When it comes to the world's most neglected diseases, however, these present absolutely no market opportunities. Without such opportunites, there is no incentive for the pharmaceutical industry to invest in drug research and development. The patients have no purchasing power, no vocal advocacy group is pleading for their needs, and no strategic interests—military or security—are driving concern about these conditions. This is why no public-private partnerships exist specifically for the most neglected diseases. The figure shows how these diseases fall totally outside the global pharmaceutical market.

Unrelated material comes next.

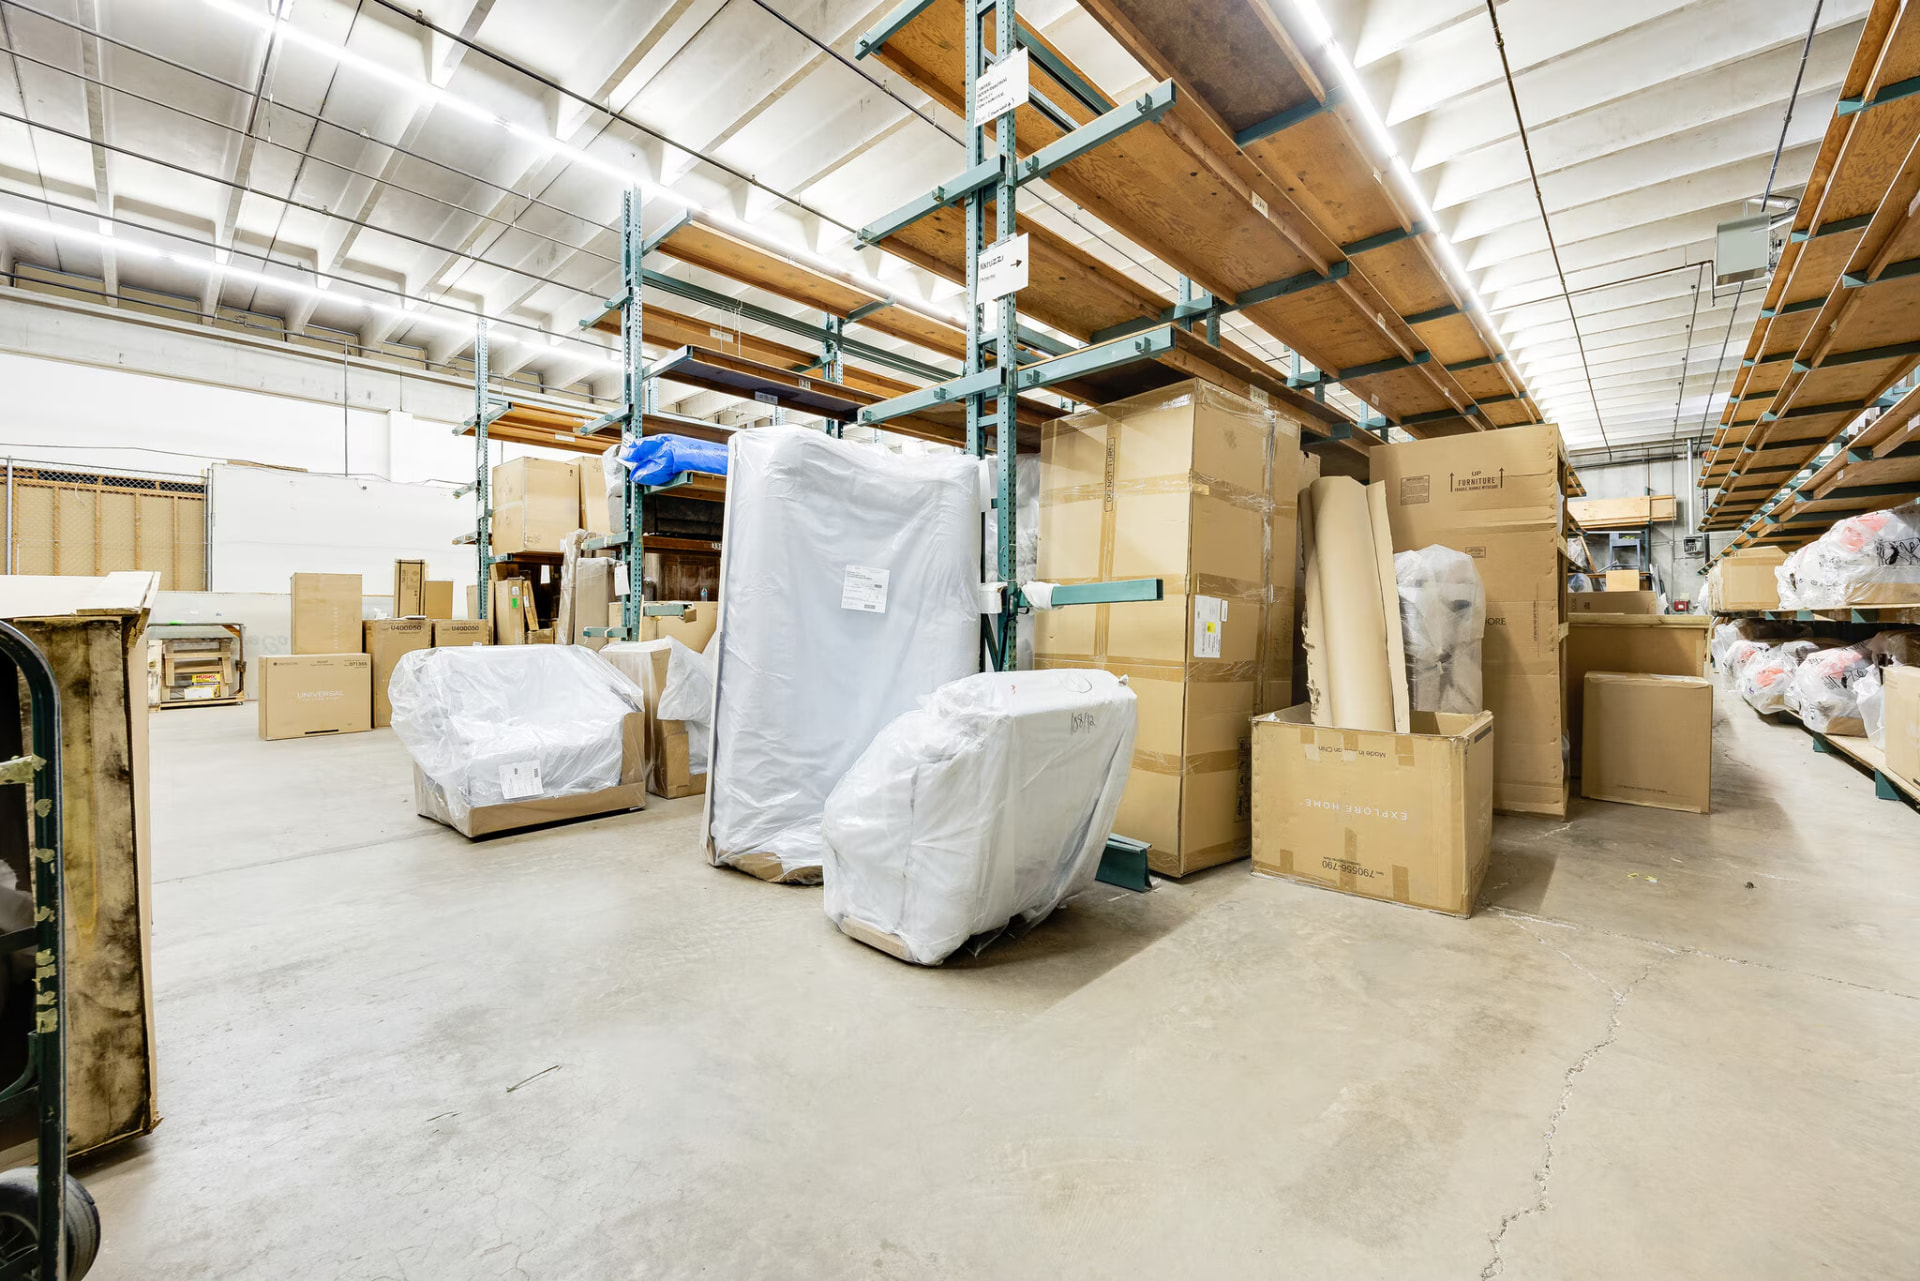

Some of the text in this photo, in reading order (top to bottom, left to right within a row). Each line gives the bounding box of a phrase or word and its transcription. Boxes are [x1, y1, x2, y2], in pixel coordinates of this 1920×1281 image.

[1458, 476, 1496, 487] FURNITURE
[1318, 745, 1333, 753] Chin
[1365, 750, 1387, 759] Made
[1305, 798, 1408, 821] EXPLORE HOME

For example, sleeping sickness, which claims thousands of lives annually in Africa, can be considered as a most neglected disease. Current drug treatments are in scarce supply, difficult to administer, and often toxic. Melarsoprol, which was developed over 50 years ago, kills up to 10% of people who are given the drug, and in some regions drug resistance means it is ineffective in a third of patients.3 An effective, less toxic drug, has been developed—eflornithine—but the company that developed it stopped its production in 1995, citing commercial failure. African patients could not afford to buy the drug. Eflornithine became available again five years later in the United States, when it was found to reduce unwanted facial hair in women.4 The injustice of American women depilating their faces while thousands in Africa were dying of a treatable illness finally led the original makers to restart production of the drug.5 It is currently available through a donation programme until 2006, though a long term producer is yet to be found.
Médecins sans Frontières believes that the best hope of treating the world's most neglected diseases is for the public to accept responsibility for drug development, taking it out of the marketplace and into the public sector. The organisation has launched an initiative on drugs for neglected diseases, founded only by public sector and non profit partners, such as the Pasteur Institute, the Special Programme for Research and Training in Tropical Diseases (a project undertaken jointly by the United Nations Development Plan, the World Bank, and the World Health Organization), the Indian Council for Medical Research, and the Brazilian government pharmaceutical organisation Fiocruz. The initiative is testing the idea that a drug research and development network can be established in the developing world, with a centralised management structure, and its feasibility study will be published later this year. Philippe Kourilsky, the director general of the Pasteur Institute, believes that the initiative will do “nothing short of creating a global, not-for-profit pharmaceutical industry.” If the initiative proves viable, it is likely to engage with the pharmaceutical industry on specific projects, since industry has great expertise in the development of drugs. The initiative, however, will not rely on market forces; it will define its needs, and then rely on public investment to meet them.
Will the strategy of taking medicines out of the marketplace work? Few precedents for truly international public initiatives exist (the Human Genome Project is an example), and the public investment will need to be massive. There will need to be concerted political attention to make available the necessary financial and technical resources. Right now there is little other hope for those dying of the world's most neglected, yet curable, infectious diseases.